The Taliban's spokesman Zabihullah Mujahid may hate the U.S., but he apparently loves American technology. He tweets several times a day to keep his nearly 6,000 followers updated.

On Friday, however, Mujahid posted several Tweets, apparently accidentally turning the social network's geolocation tracking on. His position came as a surprise to many: Instead of posting from Afghanistan, he seemed to be in Sindh, a Pakistani region in the southeast of the country.

Shortly afterwards, users made the gaffe public.

Mujahid was quick to reject the allegations, calling them an "enemy plot." Theoretically, Mujahid could also have used technology which hides a user's real location and places him in other countries. This, however, would lead to new questions: Why would someone who puts so much effort into hiding deliberately decide to turn on Twitter's location tracking?

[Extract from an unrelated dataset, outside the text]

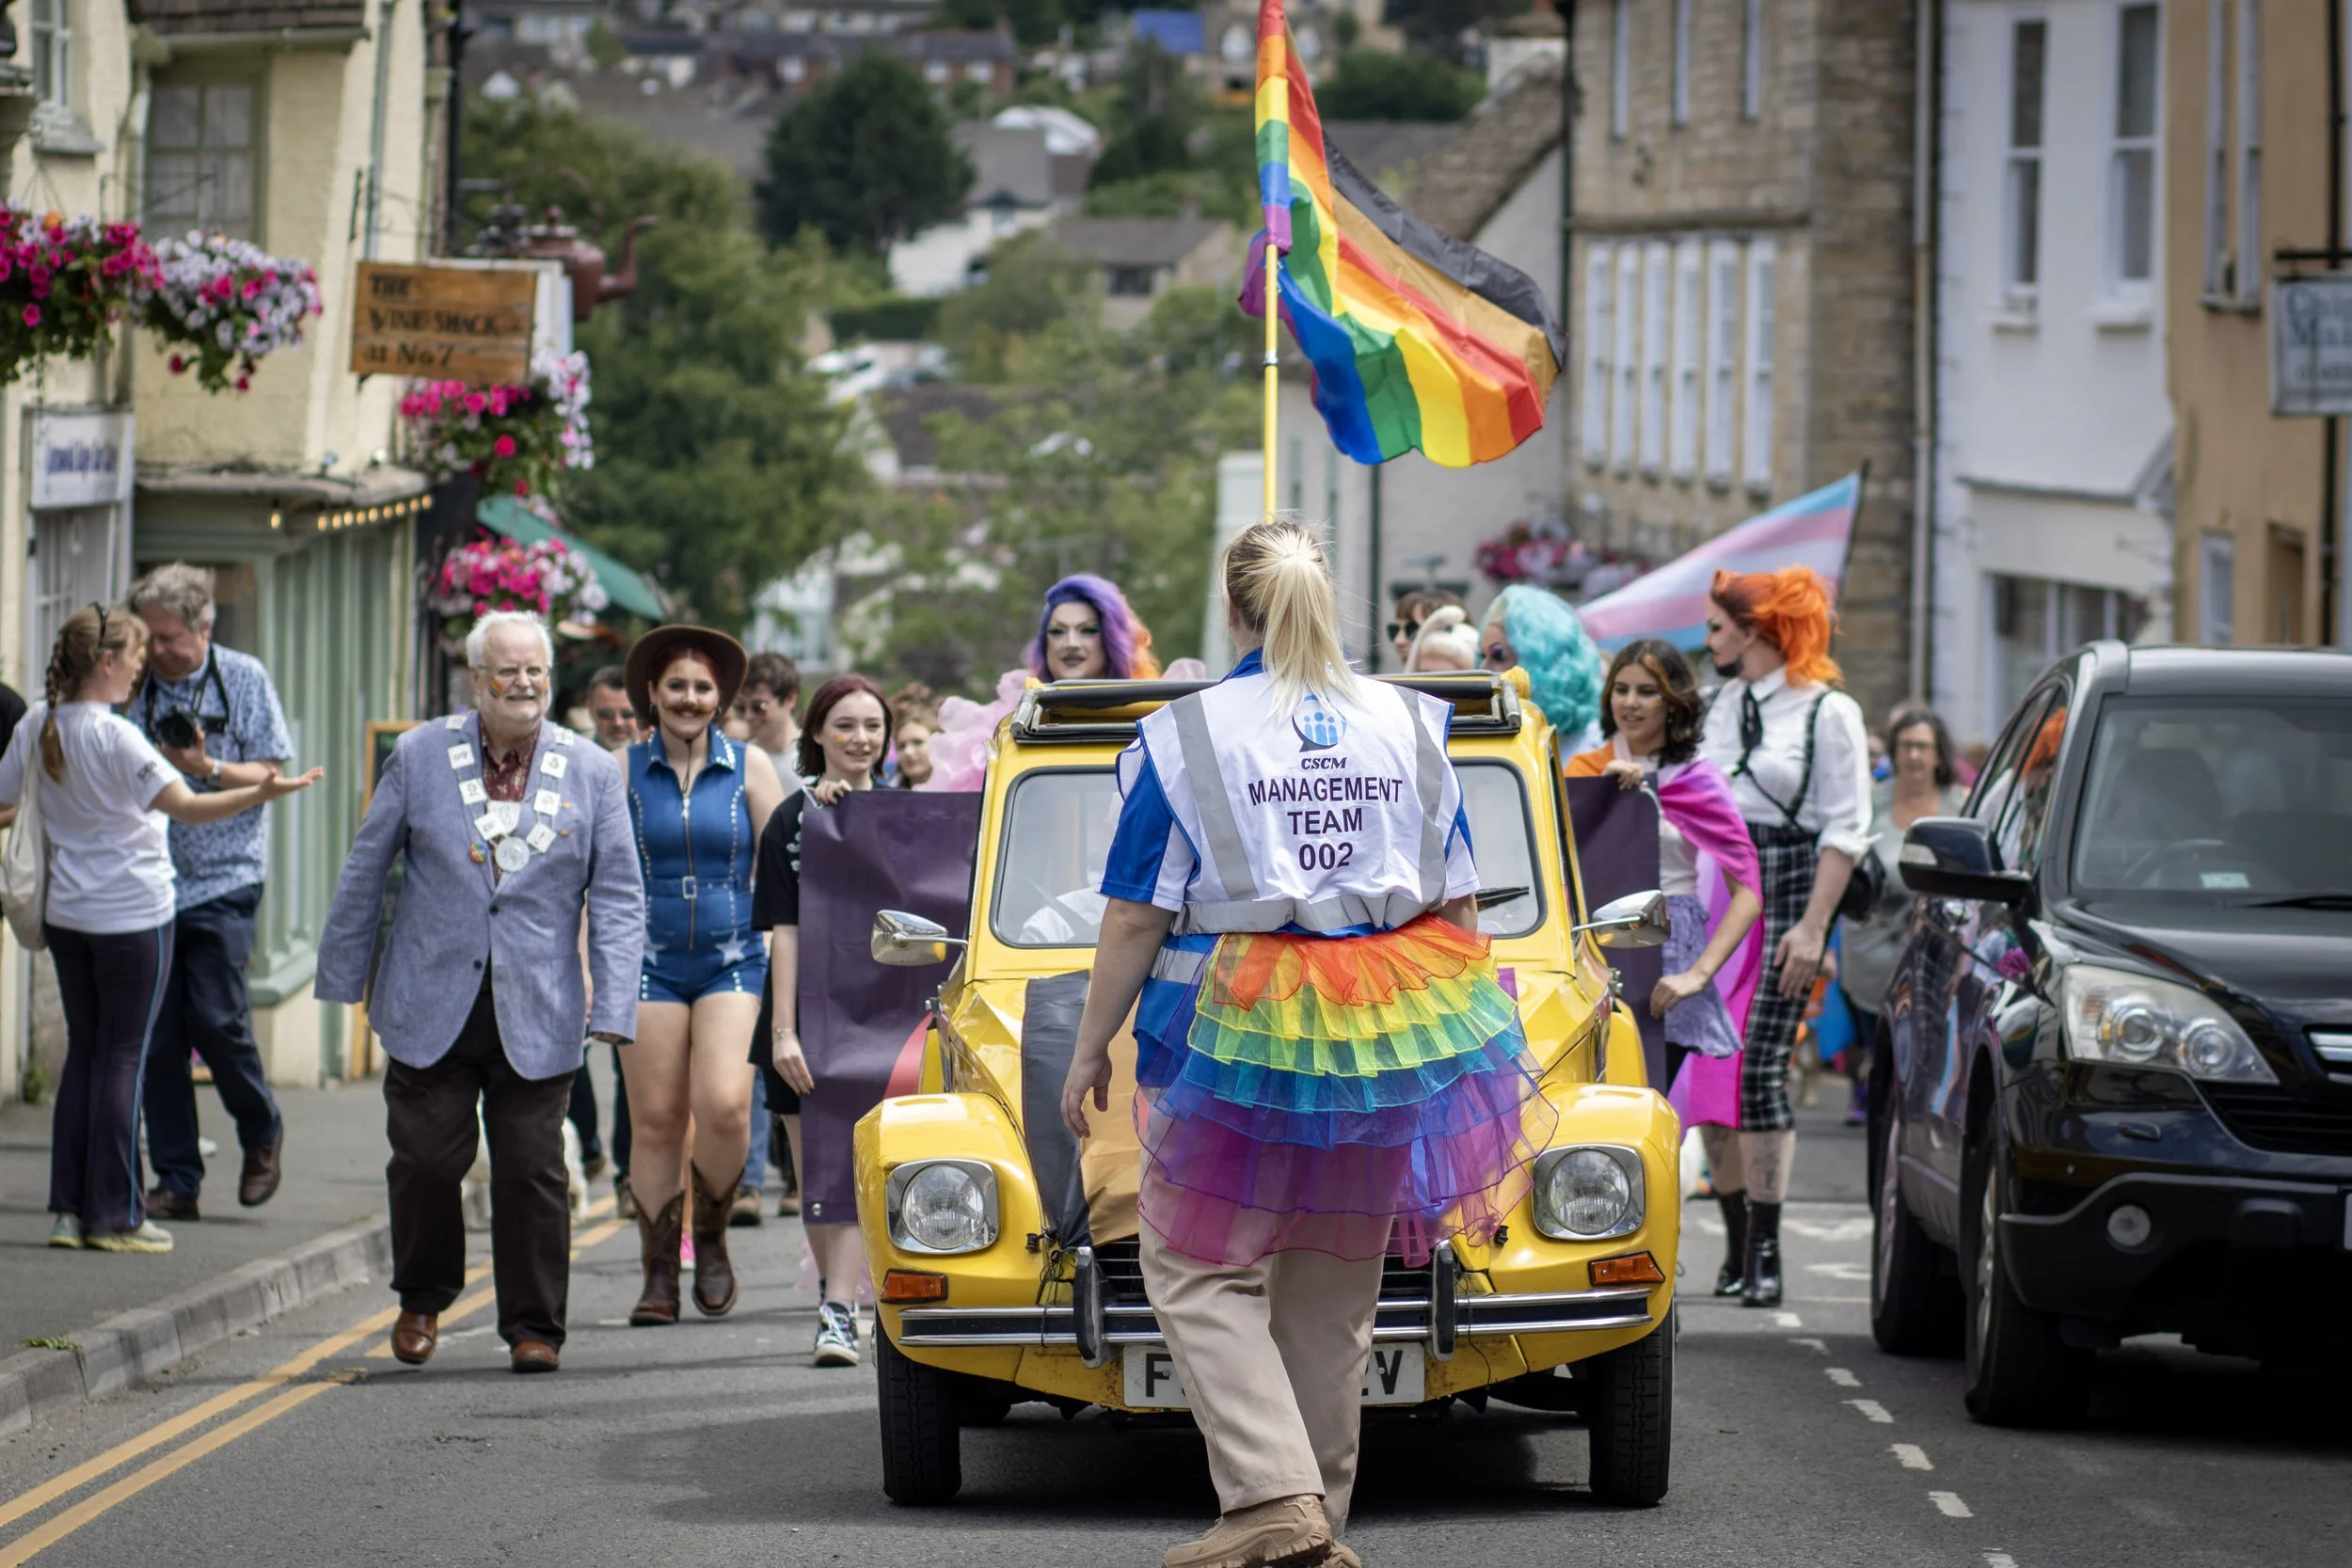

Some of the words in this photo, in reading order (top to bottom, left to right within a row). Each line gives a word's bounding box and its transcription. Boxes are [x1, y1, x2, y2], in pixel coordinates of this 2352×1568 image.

[1301, 756, 1348, 770] CSCM
[1248, 776, 1404, 807] MANAGEMENT
[1287, 807, 1363, 835] TEAM
[1298, 842, 1355, 871] 002

According to Twitter, location services are usually turned "off by default and [one] will need to opt-in to use it." Twitter furthermore urges its users to be careful about sharing their locations. "There may be some updates where you want to keep your location private," the company recommends in its FAQs. Afghan Taliban fighters have long been suspected of hiding in Pakistan, but the militants themselves were always quick to renounce such claims.

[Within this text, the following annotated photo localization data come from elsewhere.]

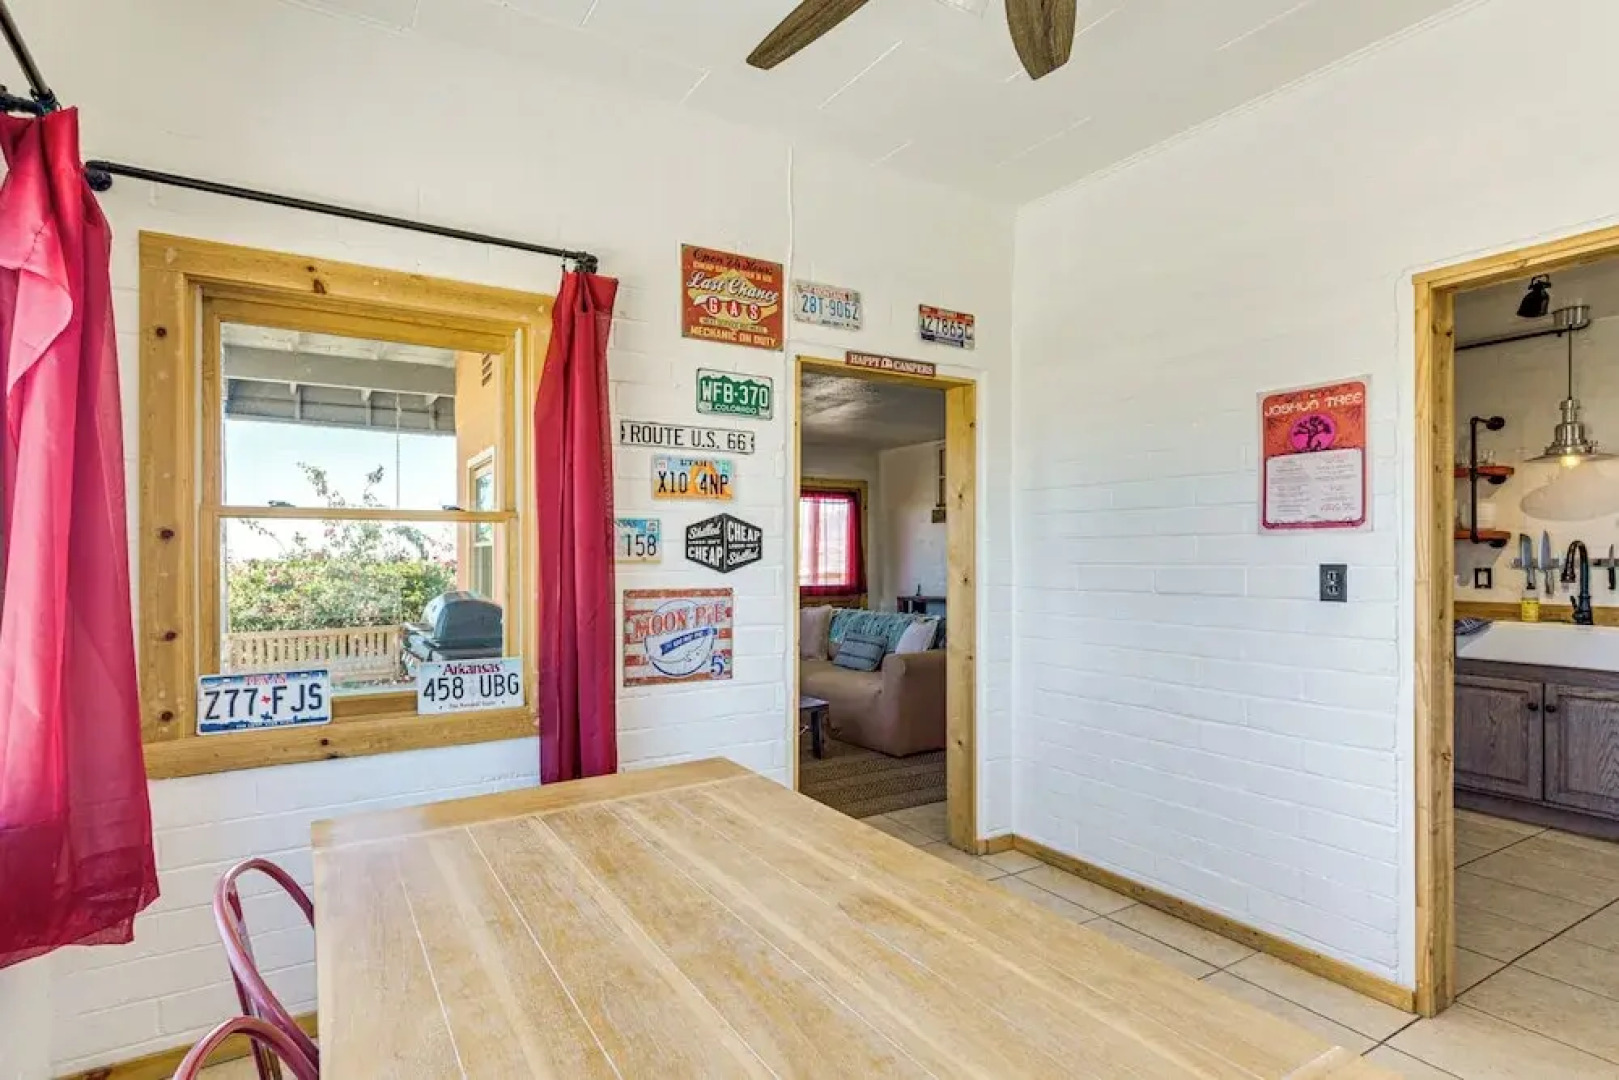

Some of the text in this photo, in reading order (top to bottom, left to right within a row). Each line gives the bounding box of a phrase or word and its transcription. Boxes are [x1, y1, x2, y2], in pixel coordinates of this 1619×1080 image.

[686, 270, 725, 293] Last
[728, 278, 779, 301] Chance
[690, 325, 737, 341] MECHANIC
[739, 332, 751, 343] ON
[754, 335, 776, 347] DUTY
[851, 354, 881, 368] HAPPY
[716, 404, 756, 415] COLORADO
[1323, 391, 1363, 409] TREE
[631, 425, 746, 451] ROUTE U.S. 66
[700, 473, 729, 495] 4NP
[728, 520, 760, 542] CHEAP
[626, 533, 656, 557] 158
[688, 545, 723, 567] CHEAP
[246, 674, 287, 686] TEXAS
[444, 663, 501, 675] Arkansas
[423, 672, 519, 702] 458 UBG
[204, 682, 322, 720] Z77 FJS

The Pakistani military launched an operation against the Taliban in the north Waziristan region in June, an area close to the Afghan border. Sindh, however, is closer to India than to Afghanistan.

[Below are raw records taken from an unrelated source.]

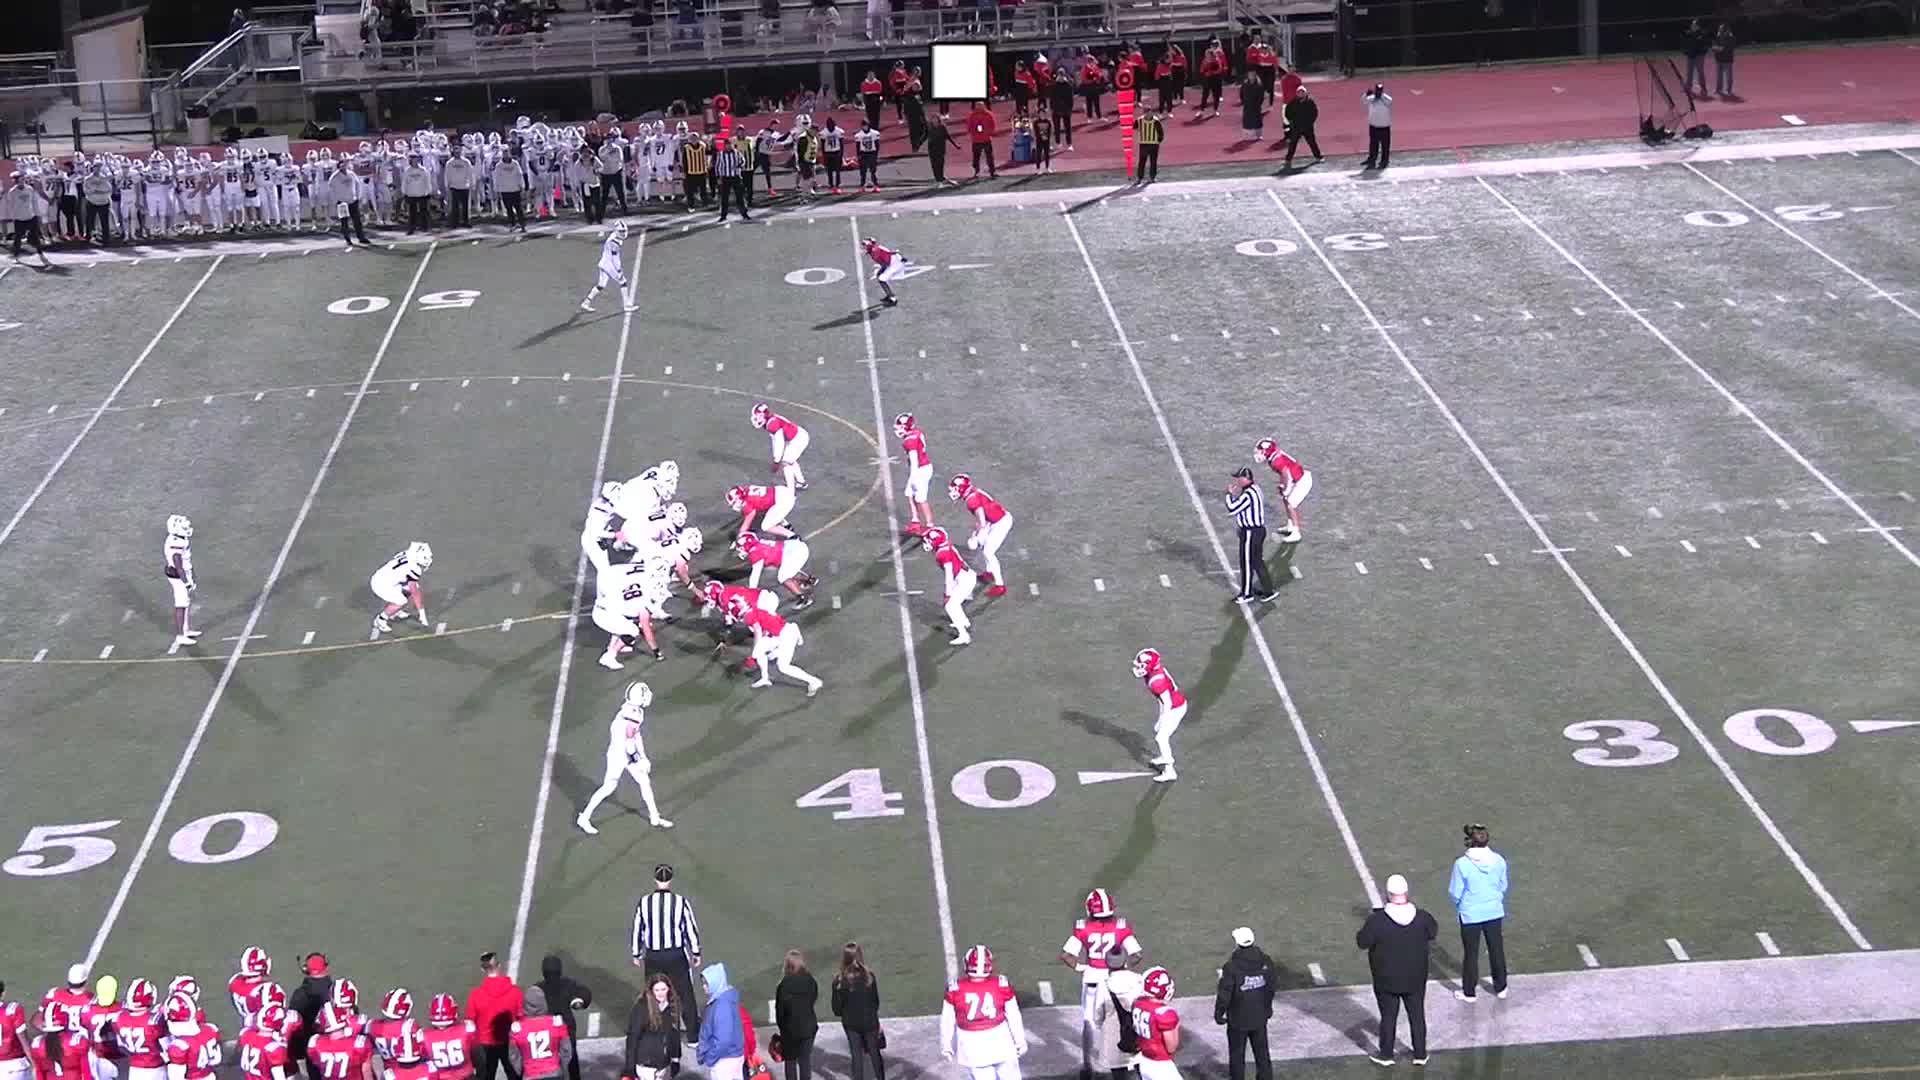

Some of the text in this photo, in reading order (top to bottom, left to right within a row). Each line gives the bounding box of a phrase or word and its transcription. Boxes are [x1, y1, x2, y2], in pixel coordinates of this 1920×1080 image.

[964, 992, 997, 1020] 74
[118, 1027, 149, 1054] 32
[196, 1038, 221, 1068] 45
[430, 1039, 464, 1068] 56
[526, 1031, 551, 1059] 12
[319, 1051, 350, 1079] 77

(Gene Thorp/ The Washington Post)

In August, Mujahid had announced that he was now able to communicate via Viber, WhatsApp and WeChat. The embrace of social media sites is not unique to the Taliban: Despite Twitter's decision to crack down on profiles of Islamic State fighters, foreign jihadists frequently use the site to spread propaganda — usually without identifying their location. "I'm pretty sure this is a one-off with regards to the Middle East," Eliot Higgins, a blogger who frequently analyzes photos and videos posted from conflict zones, told WorldViews.